Claire Le Goues edited this page Aug 17, 2023 · 1 revision

squaresLab has two shared servers: one relatively beefy compute server that you can use to run experiments of all stripes, and a GPU server that was thrown together on the cheap using GPUs donated to our group by LTI. We do not have explicit job or process management; instead, we trust users to run things appropriately to avoid hogging all the resources.

This wiki page provides basic guidelines on sharing the resources, but is not comprehensive on how to do systems-y things at the command line in Linux; for that, we encourage you to educate yourself using the many sources available on the internet, and ask for help for things you find confusing.

Basic Server Info

hostname: rhombus@ (CPU), quaternion@ (GPU)

Contact me (Claire) for usernames (specify which machine). Change your password on first login. When you sell or replace a computer, please clear out your credentials first. There is a true story here about cryptomining that I am eliding for brevity.

Most of our interaction is conducted via ssh; different users have different preferences for managing sessions (tee, tmux, etc). Ask around for suggestions if you need help.

A random collection of server specs: FIXME

Join the #serverandtech channel on Slack for discussion and updates; also useful for discussing running of things.

Backups and failure recovery: The disk is RAID-5 for protection against random failure. Backups are done regularly (weekly, in principle) but note that restoring from backup is kind of a PITA; it's not as easy as like, restoring from source control. You should only rely on that as a "last resort" kind of approach.
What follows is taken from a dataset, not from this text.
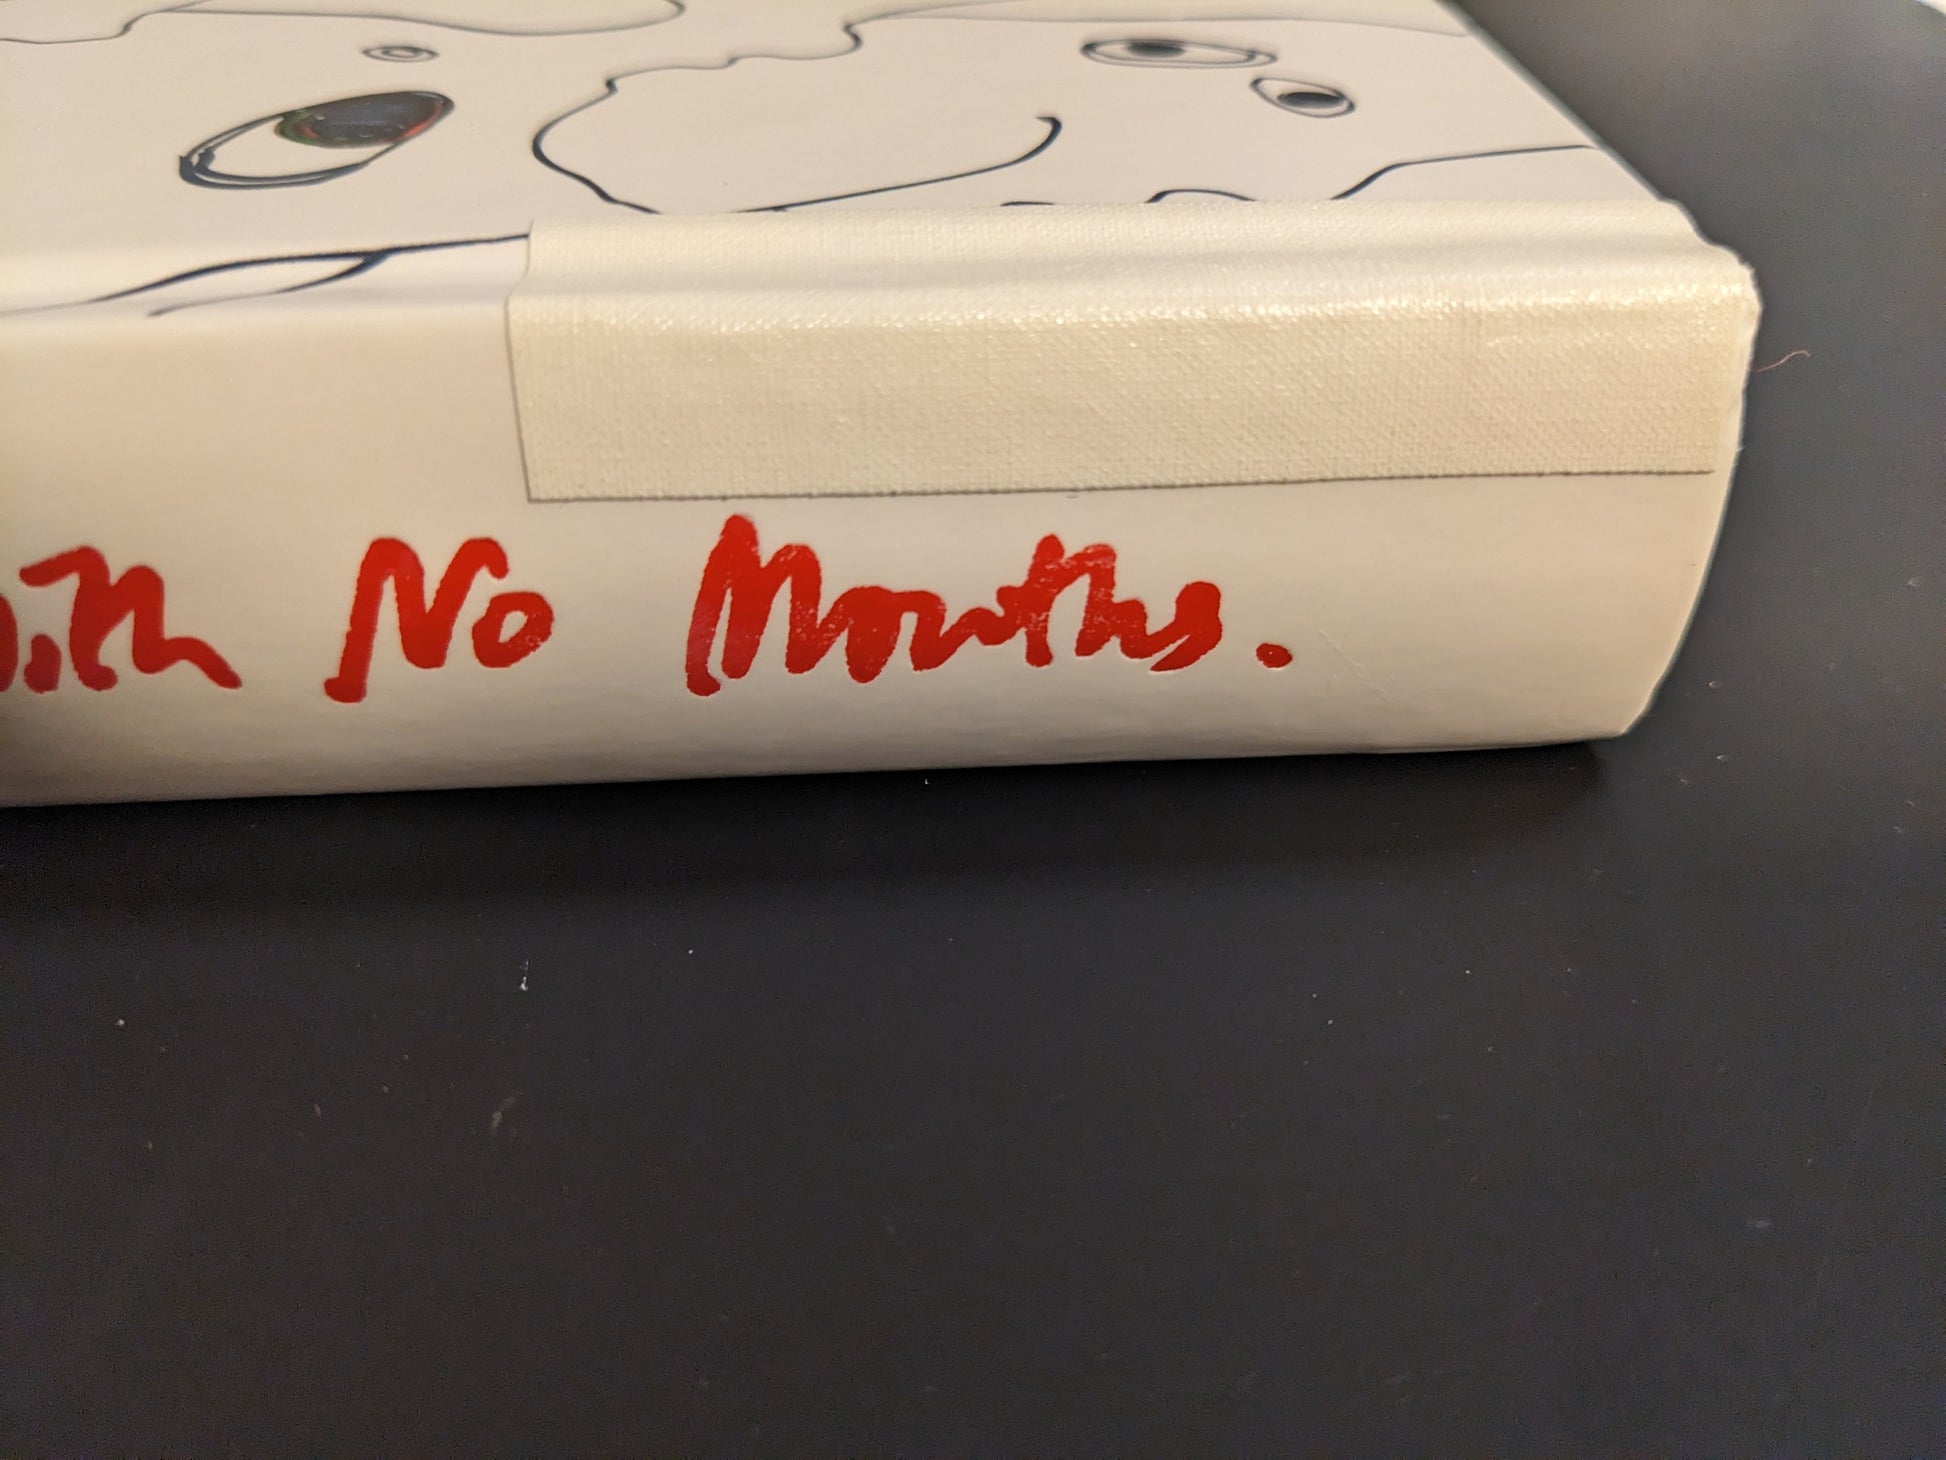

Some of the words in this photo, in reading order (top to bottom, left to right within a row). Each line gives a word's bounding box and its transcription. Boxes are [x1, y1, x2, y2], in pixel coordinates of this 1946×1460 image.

[0, 545, 242, 694] ith
[322, 536, 555, 704] No
[684, 513, 1293, 697] Months.
If you notice a job running away with resources, and it's not yours, give a shout on #serverandtech (or #general if it's desperate) to get someone's attention, if you can. Life is better if we catch things like that before the machine becomes totally unusable.

Actually hard-rebooting the machine involves me (Claire) walking to a room several buildings away and entering a PIN and swiping a card to access a box with ANOTHER key that opens a lock containing a swipe card that...needless to say, it's annoying. Please try to help avoid this situation; it takes a village.

Installing things

You do not have root access. You don't want it. Trust me.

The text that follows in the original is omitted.